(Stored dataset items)

-------

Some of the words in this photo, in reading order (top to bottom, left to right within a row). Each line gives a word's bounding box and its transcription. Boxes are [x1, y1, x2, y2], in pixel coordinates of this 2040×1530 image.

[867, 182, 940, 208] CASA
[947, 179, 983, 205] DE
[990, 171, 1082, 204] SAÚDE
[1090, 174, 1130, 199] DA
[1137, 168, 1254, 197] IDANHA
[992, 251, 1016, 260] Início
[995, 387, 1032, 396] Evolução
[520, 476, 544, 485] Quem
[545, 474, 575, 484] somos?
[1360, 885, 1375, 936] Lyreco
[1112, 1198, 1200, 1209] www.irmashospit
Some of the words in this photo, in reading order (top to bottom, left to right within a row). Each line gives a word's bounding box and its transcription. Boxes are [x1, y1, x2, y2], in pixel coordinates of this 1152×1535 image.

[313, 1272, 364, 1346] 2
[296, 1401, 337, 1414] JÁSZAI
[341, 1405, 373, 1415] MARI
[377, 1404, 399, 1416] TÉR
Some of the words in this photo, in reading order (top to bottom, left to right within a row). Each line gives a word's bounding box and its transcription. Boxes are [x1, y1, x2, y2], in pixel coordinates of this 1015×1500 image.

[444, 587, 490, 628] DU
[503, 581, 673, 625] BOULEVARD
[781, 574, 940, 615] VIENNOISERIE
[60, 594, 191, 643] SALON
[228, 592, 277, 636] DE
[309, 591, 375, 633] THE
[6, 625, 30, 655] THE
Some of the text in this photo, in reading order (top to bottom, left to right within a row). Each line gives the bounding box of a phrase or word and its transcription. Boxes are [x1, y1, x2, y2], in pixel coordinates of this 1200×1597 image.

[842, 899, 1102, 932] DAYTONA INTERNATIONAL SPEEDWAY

-------

EXERCISE OBJECTIVE> Restate every entry exactly. Leave nothing out.

RESPONSE>
Some of the words in this photo, in reading order (top to bottom, left to right within a row). Each line gives a word's bounding box and its transcription. Boxes are [x1, y1, x2, y2], in pixel coordinates of this 2040×1530 image.

[867, 182, 940, 208] CASA
[947, 179, 983, 205] DE
[990, 171, 1082, 204] SAÚDE
[1090, 174, 1130, 199] DA
[1137, 168, 1254, 197] IDANHA
[992, 251, 1016, 260] Início
[995, 387, 1032, 396] Evolução
[520, 476, 544, 485] Quem
[545, 474, 575, 484] somos?
[1360, 885, 1375, 936] Lyreco
[1112, 1198, 1200, 1209] www.irmashospit
Some of the words in this photo, in reading order (top to bottom, left to right within a row). Each line gives a word's bounding box and its transcription. Boxes are [x1, y1, x2, y2], in pixel coordinates of this 1152×1535 image.

[313, 1272, 364, 1346] 2
[296, 1401, 337, 1414] JÁSZAI
[341, 1405, 373, 1415] MARI
[377, 1404, 399, 1416] TÉR
Some of the words in this photo, in reading order (top to bottom, left to right within a row). Each line gives a word's bounding box and its transcription. Boxes are [x1, y1, x2, y2], in pixel coordinates of this 1015×1500 image.

[444, 587, 490, 628] DU
[503, 581, 673, 625] BOULEVARD
[781, 574, 940, 615] VIENNOISERIE
[60, 594, 191, 643] SALON
[228, 592, 277, 636] DE
[309, 591, 375, 633] THE
[6, 625, 30, 655] THE
Some of the text in this photo, in reading order (top to bottom, left to right within a row). Each line gives the bounding box of a phrase or word and its transcription. Boxes are [x1, y1, x2, y2], in pixel coordinates of this 1200×1597 image.

[842, 899, 1102, 932] DAYTONA INTERNATIONAL SPEEDWAY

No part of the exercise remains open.